1. a) No sólo los apóstoles fueron protagonistas en la primera
comunidad: hoy aparece uno de los diáconos recién ordenados, Esteban, dando testimonio de Cristo ante el pueblo y las autoridades, con la misma valentía y lucidez que Pedro y los demás apóstoles. El libro de los Hechos da a este diácono mucha importancia: le dedica los capítulos 6 y 7. Esteban fue el primer mártir cristiano.
Su manera de pensar y de hablar excitaba los ánimos incluso
de los judíos «libertos», que se llamaban así porque, después de haber sido llevados como esclavos fuera de Palestina, habían sido liberados y devueltos, y que en principio se suponía que eran de un talante más abierto que los judíos de Jerusalén. Por eso tenían sinagoga propia. Pero aún a ellos les resulta inadmisible que Esteban, lleno del Espíritu, les muestre con su elocuencia cómo Jesús, el Resucitado, ha superado la ley y el Templo, y que sólo en él está la salvación. Por eso le acusan: «éste habla contra el Templo y contra las tradiciones que hemos recibido de Moisés». Se cumple una vez más el anuncio que hizo Jesús a sus discípulos: cuando fueran llevados ante los tribunales, el Espíritu les sugeriría qué tenían que decir. b) Sin necesidad de que seamos apóstoles o diáconos en la comunidad cristiana, todos somos invitados a dar testimonio de Cristo. El cristiano tiene que seguir los caminos del evangelio, y no los de este mundo, que muchas veces son opuestos: «aunque los nobles se sientan a murmurar de mí, tu siervo medita tus leyes... apártame del camino falso y dame la gracia de tu voluntad».
Probablemente no tendremos ocasión de pronunciar discursos
elocuentes ante las autoridades o las multitudes. Nuestra vida es el mejor testimonio y el más elocuente discurso, si se conforma a Cristo Jesús, si de veras «rechazamos lo que es indigno del nombre cristiano y cumplimos lo que en él se significa» (oración del día).
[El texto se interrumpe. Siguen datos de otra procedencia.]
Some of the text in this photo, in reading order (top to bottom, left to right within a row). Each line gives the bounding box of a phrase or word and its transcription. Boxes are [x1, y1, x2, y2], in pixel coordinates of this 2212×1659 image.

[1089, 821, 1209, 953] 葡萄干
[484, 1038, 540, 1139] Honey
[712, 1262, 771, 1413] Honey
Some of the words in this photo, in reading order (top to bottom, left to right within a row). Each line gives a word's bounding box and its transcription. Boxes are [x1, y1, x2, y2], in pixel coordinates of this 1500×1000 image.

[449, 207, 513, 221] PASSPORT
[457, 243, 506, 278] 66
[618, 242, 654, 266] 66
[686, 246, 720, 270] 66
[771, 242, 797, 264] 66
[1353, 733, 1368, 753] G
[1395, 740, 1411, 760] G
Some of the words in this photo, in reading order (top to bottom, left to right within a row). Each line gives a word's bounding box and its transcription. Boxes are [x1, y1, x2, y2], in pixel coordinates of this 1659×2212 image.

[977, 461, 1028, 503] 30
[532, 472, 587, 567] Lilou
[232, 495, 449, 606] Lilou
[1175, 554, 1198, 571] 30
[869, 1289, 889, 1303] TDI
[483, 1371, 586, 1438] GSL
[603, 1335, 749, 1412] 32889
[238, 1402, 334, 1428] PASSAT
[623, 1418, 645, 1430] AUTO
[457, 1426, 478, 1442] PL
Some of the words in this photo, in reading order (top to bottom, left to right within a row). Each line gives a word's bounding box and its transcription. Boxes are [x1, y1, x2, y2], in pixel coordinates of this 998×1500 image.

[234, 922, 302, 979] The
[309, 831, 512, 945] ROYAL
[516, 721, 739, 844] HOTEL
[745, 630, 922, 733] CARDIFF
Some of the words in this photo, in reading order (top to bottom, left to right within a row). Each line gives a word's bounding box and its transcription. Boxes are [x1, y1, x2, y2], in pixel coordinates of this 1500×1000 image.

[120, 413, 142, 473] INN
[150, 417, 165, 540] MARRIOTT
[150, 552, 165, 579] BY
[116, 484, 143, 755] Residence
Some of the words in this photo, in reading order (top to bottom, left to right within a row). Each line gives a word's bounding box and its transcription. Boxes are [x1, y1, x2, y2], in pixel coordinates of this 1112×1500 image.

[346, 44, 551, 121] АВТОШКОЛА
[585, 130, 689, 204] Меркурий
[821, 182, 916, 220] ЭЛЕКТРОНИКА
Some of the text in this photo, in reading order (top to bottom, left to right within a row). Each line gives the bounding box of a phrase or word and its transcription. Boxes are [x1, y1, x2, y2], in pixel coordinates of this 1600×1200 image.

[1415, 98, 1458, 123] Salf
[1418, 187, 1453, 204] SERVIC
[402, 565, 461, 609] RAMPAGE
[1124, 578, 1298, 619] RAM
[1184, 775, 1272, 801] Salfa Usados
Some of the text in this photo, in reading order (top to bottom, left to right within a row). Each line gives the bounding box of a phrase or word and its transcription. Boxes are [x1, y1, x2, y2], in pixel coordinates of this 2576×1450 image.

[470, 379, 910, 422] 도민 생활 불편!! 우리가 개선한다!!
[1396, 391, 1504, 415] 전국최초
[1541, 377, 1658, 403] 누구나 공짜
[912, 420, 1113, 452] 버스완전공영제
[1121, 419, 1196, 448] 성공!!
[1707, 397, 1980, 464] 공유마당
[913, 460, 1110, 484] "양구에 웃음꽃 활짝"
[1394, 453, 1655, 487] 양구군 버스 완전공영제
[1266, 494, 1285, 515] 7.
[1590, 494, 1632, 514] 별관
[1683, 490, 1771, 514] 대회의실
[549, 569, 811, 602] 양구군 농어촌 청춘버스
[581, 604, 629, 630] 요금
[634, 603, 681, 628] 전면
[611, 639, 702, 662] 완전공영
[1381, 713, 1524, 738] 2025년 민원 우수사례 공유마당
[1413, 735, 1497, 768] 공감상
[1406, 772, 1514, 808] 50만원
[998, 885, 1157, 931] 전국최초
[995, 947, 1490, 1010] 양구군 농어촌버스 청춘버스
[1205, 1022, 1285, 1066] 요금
Tras la multiplicación de los panes, alude el evangelista a la
búsqueda de Jesús por parte de la muchedumbre. Lo encuentran en Cafarnaún y le dirigen al Maestro una pregunta sólo para satisfacer su propia curiosidad: «Maestro, ¿cuándo has llegado aquí?» (v. 25). Jesús no responde la pregunta, sino que revela más bien a la muchedumbre las verdaderas intenciones que la han impulsado a buscarlo, y con ello desenmascara la mentalidad demasiado material de las personas (v. 26). En realidad, toda esa gente sigue a Jesús por el pan material, sin comprender el signo realizado por el Profeta. Buscan más las ventajas materiales y pasajeras que las ocasiones de responder y de amar. Ante esta ceguera espiritual, Jesús proclama la diferencia entre el pan material y corruptible y «el permanente, el que da la vida eterna» (v. 27). Jesús invita a la gente a superar el estrecho horizonte en que vive y a pasar al de la fe y al del Espíritu, al que sólo su persona (la de Jesús) les puede introducir. Él posee el sello de Dios, que es el Espíritu y el dinamismo divino del amor.
Los interlocutores de Jesús le preguntan ahora: «¿Qué
debemos hacer para actuar como Dios quiere?» (v. 28). Una nueva equivocación. La muchedumbre piensa que
Dios exige la observación de nuevos preceptos y de otras
obras. Pero lo que Jesús exige de ellos es una sola cosa: la adhesión al plan de Dios, a saber: «Que creáis en aquel que él ha enviado» (v. 29). Sólo tienen que cumplir una sola cosa: dejarse implicar por Dios y adherirse con fe a la persona de Jesús. Es la apertura a la fe lo que ofrece un pan inagotable y lo que da la vida para siempre al hombre que acepta ser liberado de las tinieblas.
Nosotros, los que celebramos con frecuencia la Eucaristía, ya
sabemos distinguir bien entre el pan humano y el Pan eucarístico que es la Carne salvadora de Cristo. Esta conciencia nos debe llevar a una jornada vivida mucho más decididamente en el seguimiento de ese Cristo Jesús que es a la vez nuestro alimento y nuestro Maestro de vida.